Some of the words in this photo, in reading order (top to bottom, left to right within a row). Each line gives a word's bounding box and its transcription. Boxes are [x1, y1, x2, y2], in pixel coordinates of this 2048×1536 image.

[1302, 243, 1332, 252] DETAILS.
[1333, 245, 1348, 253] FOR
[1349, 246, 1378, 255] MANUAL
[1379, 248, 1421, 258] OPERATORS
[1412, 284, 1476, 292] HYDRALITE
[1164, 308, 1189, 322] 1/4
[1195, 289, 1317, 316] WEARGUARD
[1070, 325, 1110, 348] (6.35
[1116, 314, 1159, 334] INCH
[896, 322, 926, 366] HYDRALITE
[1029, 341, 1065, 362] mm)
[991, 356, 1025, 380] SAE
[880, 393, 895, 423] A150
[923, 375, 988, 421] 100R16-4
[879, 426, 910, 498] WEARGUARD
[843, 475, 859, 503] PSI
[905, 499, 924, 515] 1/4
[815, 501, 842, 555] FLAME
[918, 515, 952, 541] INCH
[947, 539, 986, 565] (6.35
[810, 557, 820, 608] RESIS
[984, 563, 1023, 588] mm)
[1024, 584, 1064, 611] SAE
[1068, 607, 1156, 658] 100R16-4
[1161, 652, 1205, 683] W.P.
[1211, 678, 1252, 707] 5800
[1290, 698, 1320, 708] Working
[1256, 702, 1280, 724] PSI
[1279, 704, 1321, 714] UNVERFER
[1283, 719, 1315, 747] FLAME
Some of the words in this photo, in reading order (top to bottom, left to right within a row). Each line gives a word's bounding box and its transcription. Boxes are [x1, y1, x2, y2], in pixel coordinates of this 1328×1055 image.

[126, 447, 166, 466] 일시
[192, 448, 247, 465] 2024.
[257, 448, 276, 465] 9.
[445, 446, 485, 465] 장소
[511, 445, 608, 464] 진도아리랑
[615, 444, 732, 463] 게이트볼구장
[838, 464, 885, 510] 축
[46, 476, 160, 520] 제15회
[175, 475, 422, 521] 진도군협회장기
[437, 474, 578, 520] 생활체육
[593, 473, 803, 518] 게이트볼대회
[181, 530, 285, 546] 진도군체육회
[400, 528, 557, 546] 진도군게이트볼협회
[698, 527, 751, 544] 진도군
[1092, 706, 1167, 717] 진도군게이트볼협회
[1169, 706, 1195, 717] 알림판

○ ○ ○ ○ ○ ○ ○

→ **Work to complete**:
Output the whole listing above again, word for word.

→ **Exercise output**:
Some of the words in this photo, in reading order (top to bottom, left to right within a row). Each line gives a word's bounding box and its transcription. Boxes are [x1, y1, x2, y2], in pixel coordinates of this 2048×1536 image.

[1302, 243, 1332, 252] DETAILS.
[1333, 245, 1348, 253] FOR
[1349, 246, 1378, 255] MANUAL
[1379, 248, 1421, 258] OPERATORS
[1412, 284, 1476, 292] HYDRALITE
[1164, 308, 1189, 322] 1/4
[1195, 289, 1317, 316] WEARGUARD
[1070, 325, 1110, 348] (6.35
[1116, 314, 1159, 334] INCH
[896, 322, 926, 366] HYDRALITE
[1029, 341, 1065, 362] mm)
[991, 356, 1025, 380] SAE
[880, 393, 895, 423] A150
[923, 375, 988, 421] 100R16-4
[879, 426, 910, 498] WEARGUARD
[843, 475, 859, 503] PSI
[905, 499, 924, 515] 1/4
[815, 501, 842, 555] FLAME
[918, 515, 952, 541] INCH
[947, 539, 986, 565] (6.35
[810, 557, 820, 608] RESIS
[984, 563, 1023, 588] mm)
[1024, 584, 1064, 611] SAE
[1068, 607, 1156, 658] 100R16-4
[1161, 652, 1205, 683] W.P.
[1211, 678, 1252, 707] 5800
[1290, 698, 1320, 708] Working
[1256, 702, 1280, 724] PSI
[1279, 704, 1321, 714] UNVERFER
[1283, 719, 1315, 747] FLAME
Some of the words in this photo, in reading order (top to bottom, left to right within a row). Each line gives a word's bounding box and its transcription. Boxes are [x1, y1, x2, y2], in pixel coordinates of this 1328×1055 image.

[126, 447, 166, 466] 일시
[192, 448, 247, 465] 2024.
[257, 448, 276, 465] 9.
[445, 446, 485, 465] 장소
[511, 445, 608, 464] 진도아리랑
[615, 444, 732, 463] 게이트볼구장
[838, 464, 885, 510] 축
[46, 476, 160, 520] 제15회
[175, 475, 422, 521] 진도군협회장기
[437, 474, 578, 520] 생활체육
[593, 473, 803, 518] 게이트볼대회
[181, 530, 285, 546] 진도군체육회
[400, 528, 557, 546] 진도군게이트볼협회
[698, 527, 751, 544] 진도군
[1092, 706, 1167, 717] 진도군게이트볼협회
[1169, 706, 1195, 717] 알림판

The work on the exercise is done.